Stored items
····················

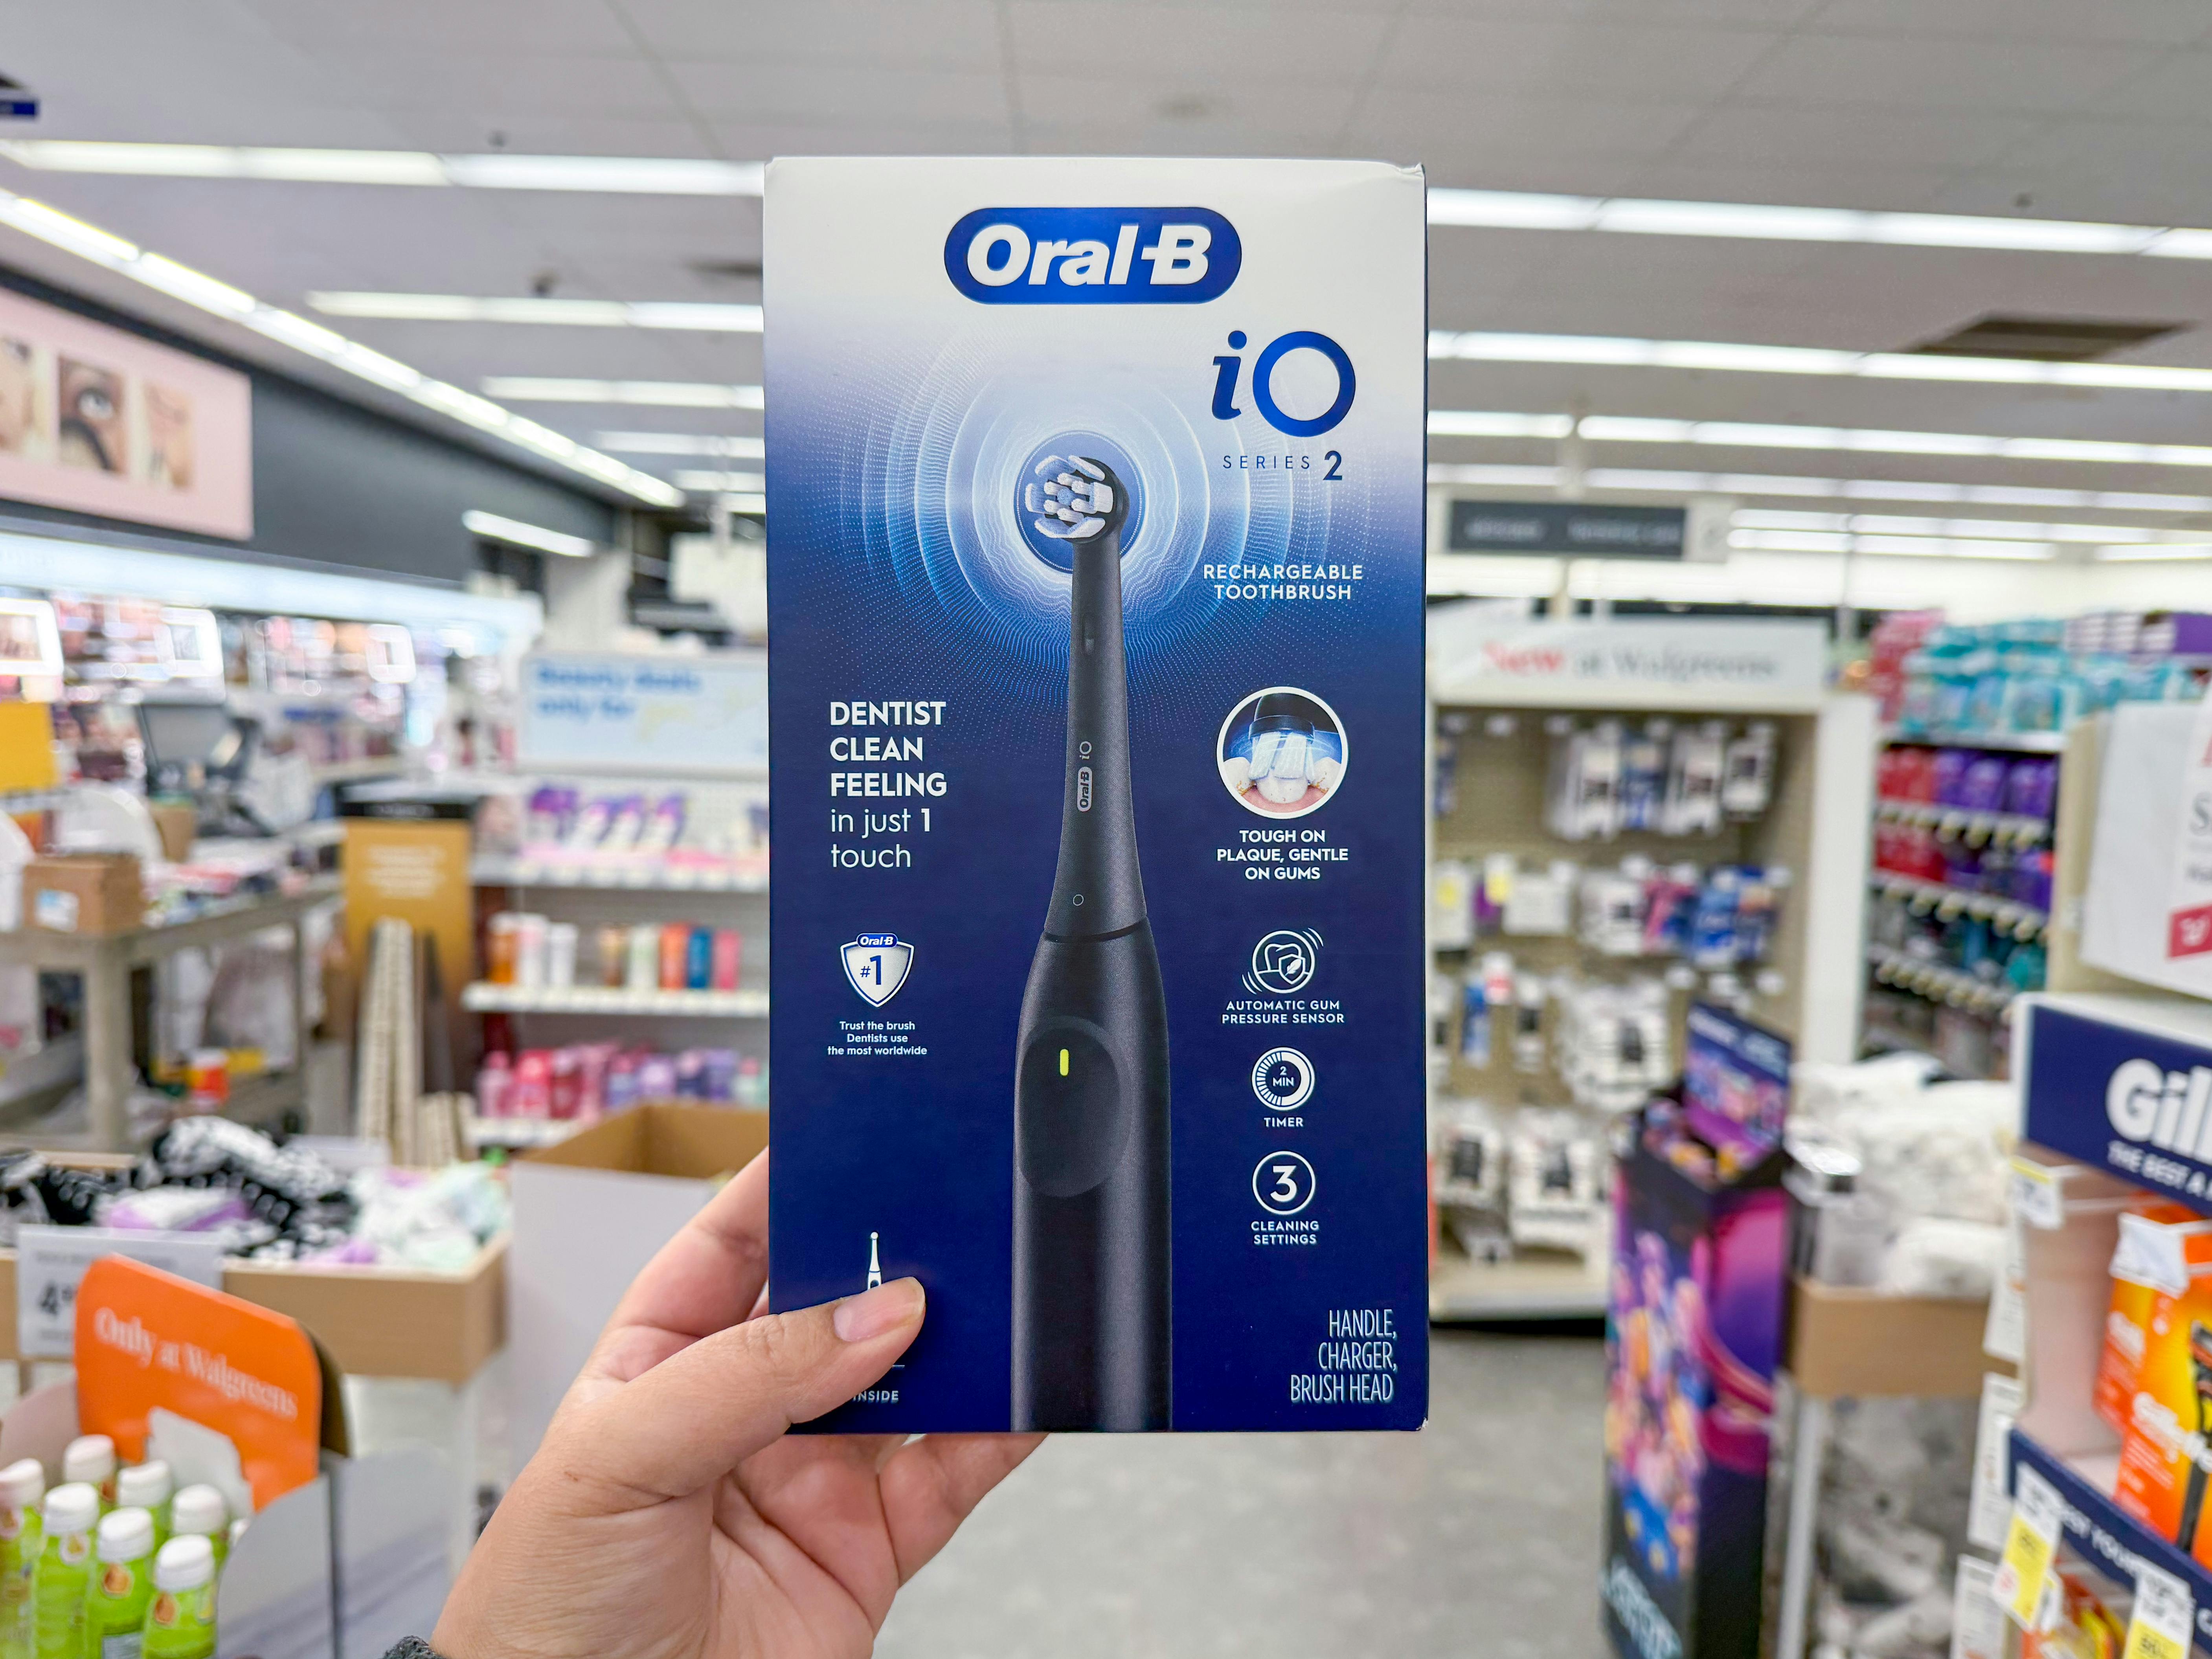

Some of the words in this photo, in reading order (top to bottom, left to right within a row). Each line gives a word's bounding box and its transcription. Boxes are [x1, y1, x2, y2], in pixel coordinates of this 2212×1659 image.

[967, 224, 1211, 286] Oral-B
[1212, 330, 1356, 437] iO
[1223, 455, 1310, 469] SERIES
[1323, 450, 1343, 481] 2
[1203, 564, 1363, 580] RECHARGEABLE
[1214, 584, 1351, 600] TOOTHBRUSH
[830, 701, 946, 726] DENTIST
[830, 736, 923, 761] CLEAN
[831, 772, 947, 797] FEELING
[1080, 771, 1090, 808] Oral-B
[831, 809, 853, 832] in
[862, 808, 911, 839] just
[921, 808, 930, 832] 1
[1239, 830, 1296, 843] TOUGH
[1301, 830, 1325, 842] ON
[831, 843, 911, 868] touch
[1217, 848, 1284, 863] PLAQUE,
[1288, 848, 1348, 861] GENTLE
[1245, 867, 1270, 880] ON
[1274, 867, 1321, 880] GUMS
[860, 936, 893, 945] Oral-B
[1226, 1000, 1305, 1010] AUTOMATIC
[1310, 1000, 1339, 1010] GUM
[839, 1021, 865, 1030] Trust
[867, 1021, 884, 1030] the
[887, 1021, 915, 1030] brush
[1222, 1014, 1288, 1024] PRESSURE
[1292, 1013, 1345, 1023] SENSOR
[847, 1033, 888, 1042] Dentists
[827, 1046, 844, 1055] the
[847, 1046, 872, 1055] most
[874, 1046, 927, 1055] worldwide
[1280, 1066, 1287, 1075] 2
[1273, 1077, 1294, 1086] MIN
[1264, 1117, 1303, 1127] TIMER
[1270, 1165, 1297, 1202] 3
[1251, 1220, 1319, 1231] CLEANING
[1254, 1234, 1317, 1245] SETTINGS
[1329, 1309, 1396, 1339] HANDLE,
[94, 1306, 156, 1367] Only
[1318, 1341, 1397, 1371] CHARGER,
[1291, 1374, 1344, 1402] BRUSH
[1350, 1374, 1393, 1401] HEAD
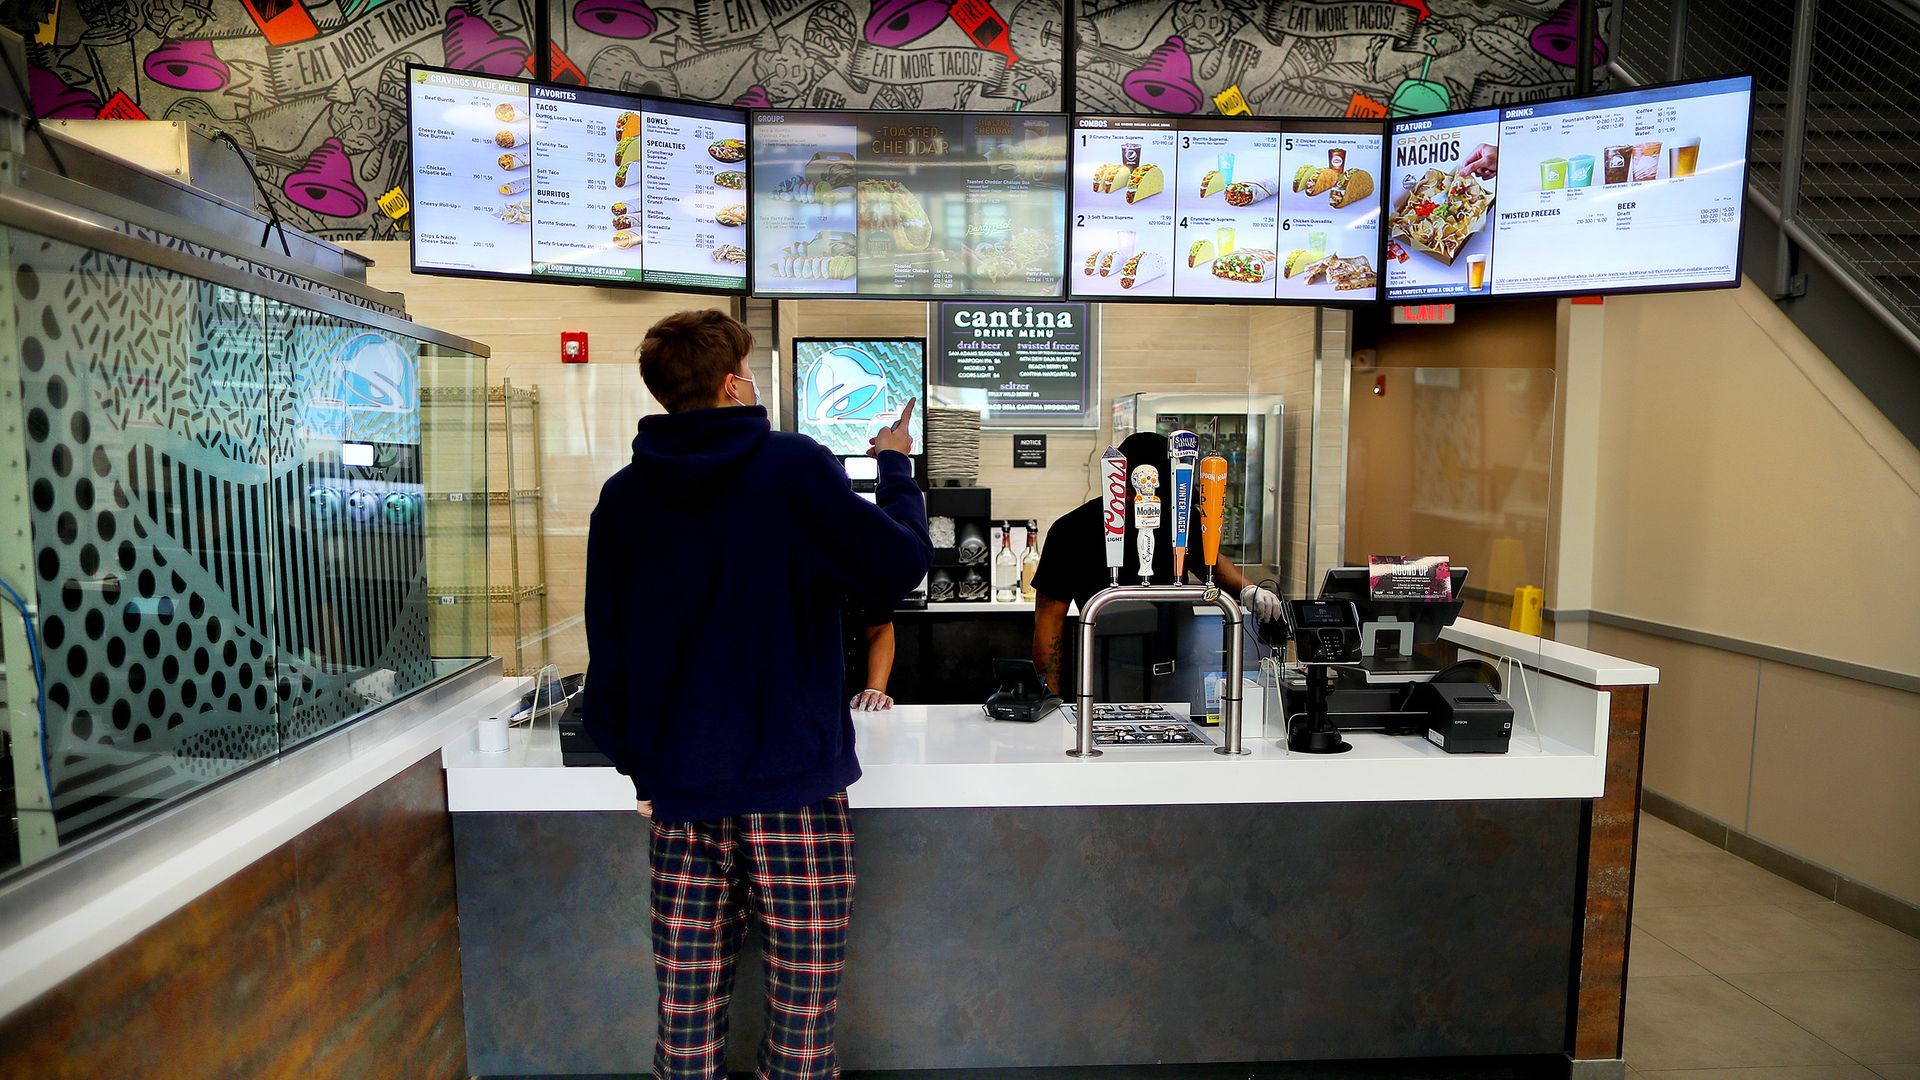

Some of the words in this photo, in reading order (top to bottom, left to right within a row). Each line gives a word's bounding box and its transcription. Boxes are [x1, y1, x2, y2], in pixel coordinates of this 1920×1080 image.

[726, 4, 759, 34] EAT
[955, 0, 986, 28] FIRE!
[1287, 6, 1312, 32] EAT
[1315, 5, 1351, 33] MORE
[1354, 6, 1397, 31] TACOS!
[299, 47, 336, 86] EAT
[338, 22, 385, 72] MORE
[380, 2, 444, 44] TACOS!
[872, 52, 899, 77] EAT
[901, 52, 936, 79] MORE
[939, 51, 984, 77] TACOS!
[430, 74, 470, 86] CRAVINGS
[471, 80, 496, 91] VALUE
[498, 83, 520, 93] MENU
[535, 87, 577, 100] FAVORITES
[535, 103, 558, 112] TACOS
[1220, 93, 1242, 112] MILD
[1505, 107, 1534, 118] DRINKS
[646, 116, 668, 126] BOWLS
[1079, 119, 1108, 128] COMBOS
[1561, 116, 1585, 124] Fountain
[1585, 114, 1603, 122] Drinks
[417, 126, 436, 134] Cheesy
[882, 126, 939, 137] TOASTED
[1395, 121, 1433, 132] FEATURED
[536, 140, 557, 148] Crunchy
[1081, 134, 1087, 146] 1
[1182, 136, 1191, 148] 3
[1285, 138, 1294, 150] 5
[1396, 131, 1462, 146] GRANDE
[646, 139, 686, 151] SPECIALTIES
[872, 139, 950, 155] CHEDDAR
[646, 149, 674, 158] Crunchwrap
[1396, 140, 1460, 168] NACHOS
[537, 188, 571, 199] BURRITOS
[385, 194, 405, 215] MILD
[1617, 201, 1636, 211] BEER
[1076, 214, 1085, 227] 2
[1500, 211, 1530, 221] TWISTED
[1530, 208, 1561, 219] FREEZES
[1179, 216, 1188, 229] 4
[1282, 219, 1291, 231] 6
[547, 264, 574, 273] LOOKING
[574, 266, 587, 274] FOR
[587, 267, 627, 277] VEGETARIAN?
[954, 306, 1074, 329] cantina
[973, 329, 1015, 338] DRINK
[1018, 329, 1055, 338] MENU
[957, 341, 980, 349] draft
[981, 341, 1002, 349] beer
[1017, 341, 1051, 350] twisted
[1052, 341, 1080, 350] freeze
[999, 381, 1031, 390] seltzer
[1174, 434, 1197, 444] SAMUEL
[1104, 459, 1127, 536] Coors
[1178, 483, 1187, 509] WINTER
[1136, 506, 1161, 517] Modelo
[1178, 510, 1187, 534] LAGER
[1391, 564, 1417, 576] ROUND
[1418, 564, 1429, 575] UP
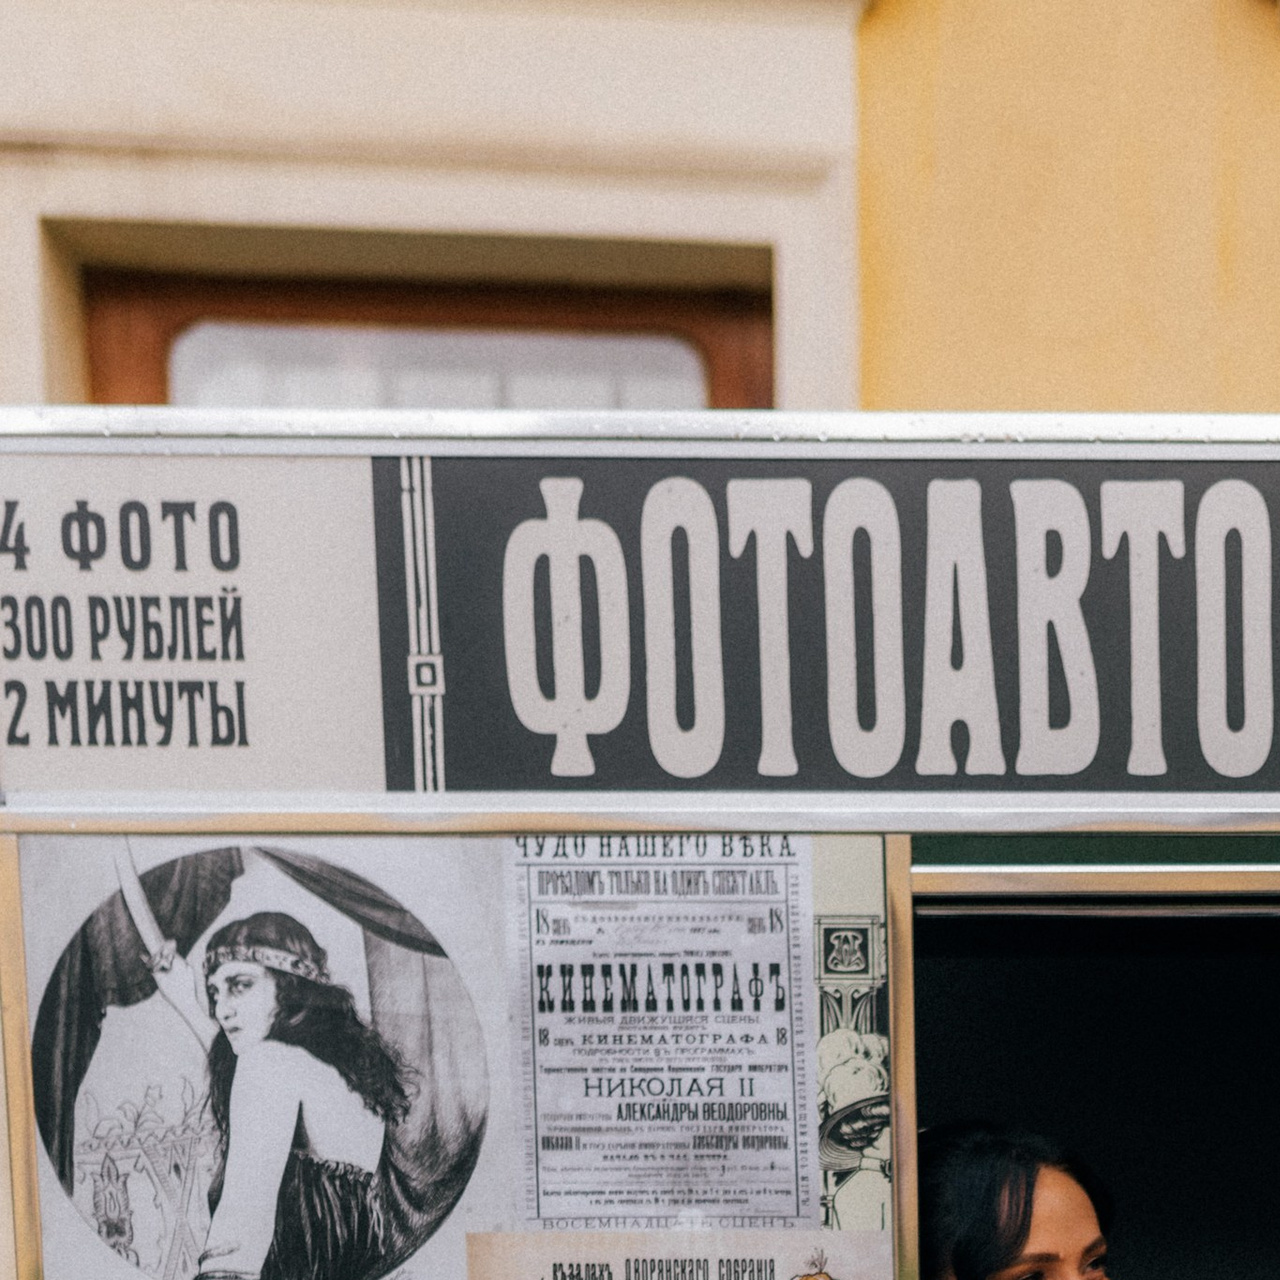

····················

▶ [Task instructions]
Scan the entries above and return each line that holds "photo".

▶ [Expected output]
Some of the words in this photo, in reading order (top to bottom, left to right within a row). Each line gives a word's bounding box and its transcription. Boxes are [x1, y1, x2, y2], in pixel coordinates of this 2212×1659 image.
Some of the words in this photo, in reading order (top to bottom, left to right within a row). Each line gives a word's bounding box and its transcription. Boxes are [x1, y1, x2, y2], in pixel coordinates of this 1920×1080 image.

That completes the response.